Reproduce the records starting at the line that contains "this 1280×1440 image." and running to the last line, exactly and in full.

**Source material**
--------------------

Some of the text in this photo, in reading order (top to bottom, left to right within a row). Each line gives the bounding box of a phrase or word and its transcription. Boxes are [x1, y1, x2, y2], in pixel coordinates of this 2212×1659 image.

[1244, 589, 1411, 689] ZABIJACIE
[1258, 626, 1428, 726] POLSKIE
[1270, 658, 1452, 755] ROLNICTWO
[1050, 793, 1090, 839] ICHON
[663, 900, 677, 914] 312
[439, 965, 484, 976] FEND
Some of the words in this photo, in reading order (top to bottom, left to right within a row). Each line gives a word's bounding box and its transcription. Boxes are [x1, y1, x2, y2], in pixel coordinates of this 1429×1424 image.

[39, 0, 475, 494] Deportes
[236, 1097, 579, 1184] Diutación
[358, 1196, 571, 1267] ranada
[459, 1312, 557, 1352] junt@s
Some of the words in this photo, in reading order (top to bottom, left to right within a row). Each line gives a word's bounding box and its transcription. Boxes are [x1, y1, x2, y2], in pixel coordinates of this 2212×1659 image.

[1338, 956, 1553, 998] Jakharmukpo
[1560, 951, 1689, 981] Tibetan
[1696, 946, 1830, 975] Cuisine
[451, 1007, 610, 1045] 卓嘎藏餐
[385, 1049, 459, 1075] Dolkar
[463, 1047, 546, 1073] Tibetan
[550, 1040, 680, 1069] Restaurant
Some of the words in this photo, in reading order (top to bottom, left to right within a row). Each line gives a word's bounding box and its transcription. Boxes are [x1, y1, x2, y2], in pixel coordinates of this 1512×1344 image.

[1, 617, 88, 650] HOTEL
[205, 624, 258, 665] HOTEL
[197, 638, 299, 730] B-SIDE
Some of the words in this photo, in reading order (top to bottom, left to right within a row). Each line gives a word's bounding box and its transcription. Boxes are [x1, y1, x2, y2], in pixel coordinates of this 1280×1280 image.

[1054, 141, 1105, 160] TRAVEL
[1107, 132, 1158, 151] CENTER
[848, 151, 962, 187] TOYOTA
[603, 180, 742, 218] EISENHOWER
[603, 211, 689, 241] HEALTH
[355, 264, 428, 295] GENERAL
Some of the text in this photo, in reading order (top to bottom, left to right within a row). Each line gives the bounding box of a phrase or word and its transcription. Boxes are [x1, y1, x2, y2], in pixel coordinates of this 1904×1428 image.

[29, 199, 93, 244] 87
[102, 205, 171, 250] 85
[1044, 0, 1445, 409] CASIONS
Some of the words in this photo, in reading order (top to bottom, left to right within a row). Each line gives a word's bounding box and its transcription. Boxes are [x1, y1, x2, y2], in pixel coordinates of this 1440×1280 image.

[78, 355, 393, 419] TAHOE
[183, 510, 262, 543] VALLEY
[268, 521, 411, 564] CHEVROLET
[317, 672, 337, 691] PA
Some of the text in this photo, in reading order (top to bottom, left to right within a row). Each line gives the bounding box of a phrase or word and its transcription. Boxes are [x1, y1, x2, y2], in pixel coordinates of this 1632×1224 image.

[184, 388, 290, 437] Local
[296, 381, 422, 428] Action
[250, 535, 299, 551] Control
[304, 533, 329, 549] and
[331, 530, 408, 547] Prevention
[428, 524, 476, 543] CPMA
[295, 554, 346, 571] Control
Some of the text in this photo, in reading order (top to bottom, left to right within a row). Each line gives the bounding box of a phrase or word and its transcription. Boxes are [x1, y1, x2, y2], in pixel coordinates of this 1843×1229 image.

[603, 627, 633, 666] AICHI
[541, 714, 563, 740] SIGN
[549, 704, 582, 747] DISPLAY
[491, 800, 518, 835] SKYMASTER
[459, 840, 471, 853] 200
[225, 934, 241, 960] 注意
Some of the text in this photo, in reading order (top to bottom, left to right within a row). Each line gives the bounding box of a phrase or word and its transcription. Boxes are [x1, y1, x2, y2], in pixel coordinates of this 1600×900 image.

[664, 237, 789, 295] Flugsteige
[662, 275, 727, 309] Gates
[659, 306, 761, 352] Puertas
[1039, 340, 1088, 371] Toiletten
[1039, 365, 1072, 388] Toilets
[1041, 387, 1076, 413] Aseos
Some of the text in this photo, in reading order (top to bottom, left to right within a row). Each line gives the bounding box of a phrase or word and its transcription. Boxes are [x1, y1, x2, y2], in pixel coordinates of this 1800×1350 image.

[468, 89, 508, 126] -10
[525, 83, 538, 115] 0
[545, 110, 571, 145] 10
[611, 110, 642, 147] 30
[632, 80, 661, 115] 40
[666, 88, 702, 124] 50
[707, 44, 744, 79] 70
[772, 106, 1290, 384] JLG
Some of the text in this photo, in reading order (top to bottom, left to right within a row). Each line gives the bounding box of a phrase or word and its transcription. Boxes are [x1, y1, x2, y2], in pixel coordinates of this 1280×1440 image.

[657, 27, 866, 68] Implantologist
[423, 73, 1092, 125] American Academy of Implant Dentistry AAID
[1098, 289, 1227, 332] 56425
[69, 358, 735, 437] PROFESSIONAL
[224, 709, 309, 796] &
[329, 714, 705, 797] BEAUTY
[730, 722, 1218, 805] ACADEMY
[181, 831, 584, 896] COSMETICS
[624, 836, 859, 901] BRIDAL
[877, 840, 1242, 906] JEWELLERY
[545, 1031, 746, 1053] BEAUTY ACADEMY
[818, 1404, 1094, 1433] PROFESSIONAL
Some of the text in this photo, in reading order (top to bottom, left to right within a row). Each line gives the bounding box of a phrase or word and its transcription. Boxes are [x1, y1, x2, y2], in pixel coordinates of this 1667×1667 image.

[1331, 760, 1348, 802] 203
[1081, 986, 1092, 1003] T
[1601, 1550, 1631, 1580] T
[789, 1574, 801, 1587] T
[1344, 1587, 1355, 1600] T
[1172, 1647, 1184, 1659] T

--------------------

**Task solution**
Some of the text in this photo, in reading order (top to bottom, left to right within a row). Each line gives the bounding box of a phrase or word and its transcription. Boxes are [x1, y1, x2, y2], in pixel coordinates of this 1280×1440 image.

[657, 27, 866, 68] Implantologist
[423, 73, 1092, 125] American Academy of Implant Dentistry AAID
[1098, 289, 1227, 332] 56425
[69, 358, 735, 437] PROFESSIONAL
[224, 709, 309, 796] &
[329, 714, 705, 797] BEAUTY
[730, 722, 1218, 805] ACADEMY
[181, 831, 584, 896] COSMETICS
[624, 836, 859, 901] BRIDAL
[877, 840, 1242, 906] JEWELLERY
[545, 1031, 746, 1053] BEAUTY ACADEMY
[818, 1404, 1094, 1433] PROFESSIONAL
Some of the text in this photo, in reading order (top to bottom, left to right within a row). Each line gives the bounding box of a phrase or word and its transcription. Boxes are [x1, y1, x2, y2], in pixel coordinates of this 1667×1667 image.

[1331, 760, 1348, 802] 203
[1081, 986, 1092, 1003] T
[1601, 1550, 1631, 1580] T
[789, 1574, 801, 1587] T
[1344, 1587, 1355, 1600] T
[1172, 1647, 1184, 1659] T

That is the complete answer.